Until recently, panel makers had been constrained by limited production of polysilicon, which goes into most types of panels. But more factories making the material have opened, as have more plants churning out the panels themselves — especially in China.
“A ton of production, mostly Chinese, has come online,” said Chris Whitman, the president of U.S. Solar Finance, which helps arrange bank financing for solar projects.
At the same time, once-roaring global demand for solar panels has slowed, particularly in Europe, the largest solar market, where photovoltaic installations are forecast to fall by 26% this year compared with 2008, according to Emerging Energy Research, a consulting firm. Much of that drop can be attributed to a sharp slowdown in Spain. Faced with high unemployment and an economic crisis, Spain slashed its generous subsidy for the panels last year because it was costing too much.
Many experts expect panel prices to fall further, though not by another 40%.
Manufacturers are already reeling from the price slump. For example, Evergreen Solar, which is based in Massachusetts, recently reported a second-quarter loss that was more than double its loss from a year earlier.
But some manufacturers say that cheaper panels could be a good thing in the long term, spurring enthusiasm among customers and expanding the market.
“It’s important that these costs and prices do come down,” said Mike Ahearn, the chief executive of First Solar, a panel maker based in Tempe, Ariz.
First Solar recently announced a deal to build two large solar arrays in Southern California to supply that region’s dominant utility. But across the United States, the installation of large solar systems — the type found on commercial or government buildings — has been hurt by financing problems, and is on track to be about the same this year as in 2008, according to Emerging Energy Research.

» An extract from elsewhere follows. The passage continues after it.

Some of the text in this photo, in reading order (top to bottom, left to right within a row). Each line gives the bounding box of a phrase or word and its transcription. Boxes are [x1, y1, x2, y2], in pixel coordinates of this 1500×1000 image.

The smaller residential sector continues to grow: In California, by far the largest market in the country, residential installations in July were up by more than 50% compared with a year earlier. With prices dropping, that momentum looks poised to continue.
John Berger, chief executive of Standard Renewable Energy, the company in Houston that put panels on Mr. Hare’s home, said that his second-quarter sales rose by more than 225% from the first quarter.

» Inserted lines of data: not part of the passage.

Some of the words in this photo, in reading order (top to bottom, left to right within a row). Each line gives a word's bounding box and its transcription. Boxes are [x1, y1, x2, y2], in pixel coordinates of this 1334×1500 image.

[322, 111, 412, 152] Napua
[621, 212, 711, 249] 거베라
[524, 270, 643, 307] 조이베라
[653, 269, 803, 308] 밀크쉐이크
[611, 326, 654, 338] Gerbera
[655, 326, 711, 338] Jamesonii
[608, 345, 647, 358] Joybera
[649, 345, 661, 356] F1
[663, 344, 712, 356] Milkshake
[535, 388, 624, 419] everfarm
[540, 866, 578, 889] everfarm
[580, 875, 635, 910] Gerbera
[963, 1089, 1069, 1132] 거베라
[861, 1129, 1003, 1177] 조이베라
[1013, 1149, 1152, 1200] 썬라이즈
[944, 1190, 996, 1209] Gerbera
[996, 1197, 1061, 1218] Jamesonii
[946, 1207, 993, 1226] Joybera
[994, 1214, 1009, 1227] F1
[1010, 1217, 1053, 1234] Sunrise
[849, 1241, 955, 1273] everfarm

“Was that as a product of declining panel prices? Almost certainly yes,” Mr. Berger said.
Expanded federal incentives have also helped spur the market. Until this year, homeowners could get a 30% tax credit for solar electric installations, but it was capped at $2,000. That cap was lifted on Jan. 1.
Mr. Hare in Texas cited the larger tax credit, which sliced about $23,000 from his $77,000 bill, as a major factor in his decision to go solar, in addition to the falling panel prices. Sensing a good deal, he even got a larger system than he had originally planned — going from 42 panels to 64. The electric bill on his 7,000-square-foot house and garage has typically run $600 to $700 a month, but he expects a reduction of 40-80%.
Mr. Berger predicts that with panel prices falling and the generous federal credit in place, utilities will start lowering rebates they offer to homeowners who put panels on their roofs.
One that has already done so is the Salt River Project, the main utility in Phoenix, which cut its homeowners’ rebate by 10% in June. Lori Singleton, the utility’s sustainability manager, said the utility had recently spent more than it budgeted for solar power, a result of a surge in demand as more solar installers moved into Arizona and government incentives kicked in.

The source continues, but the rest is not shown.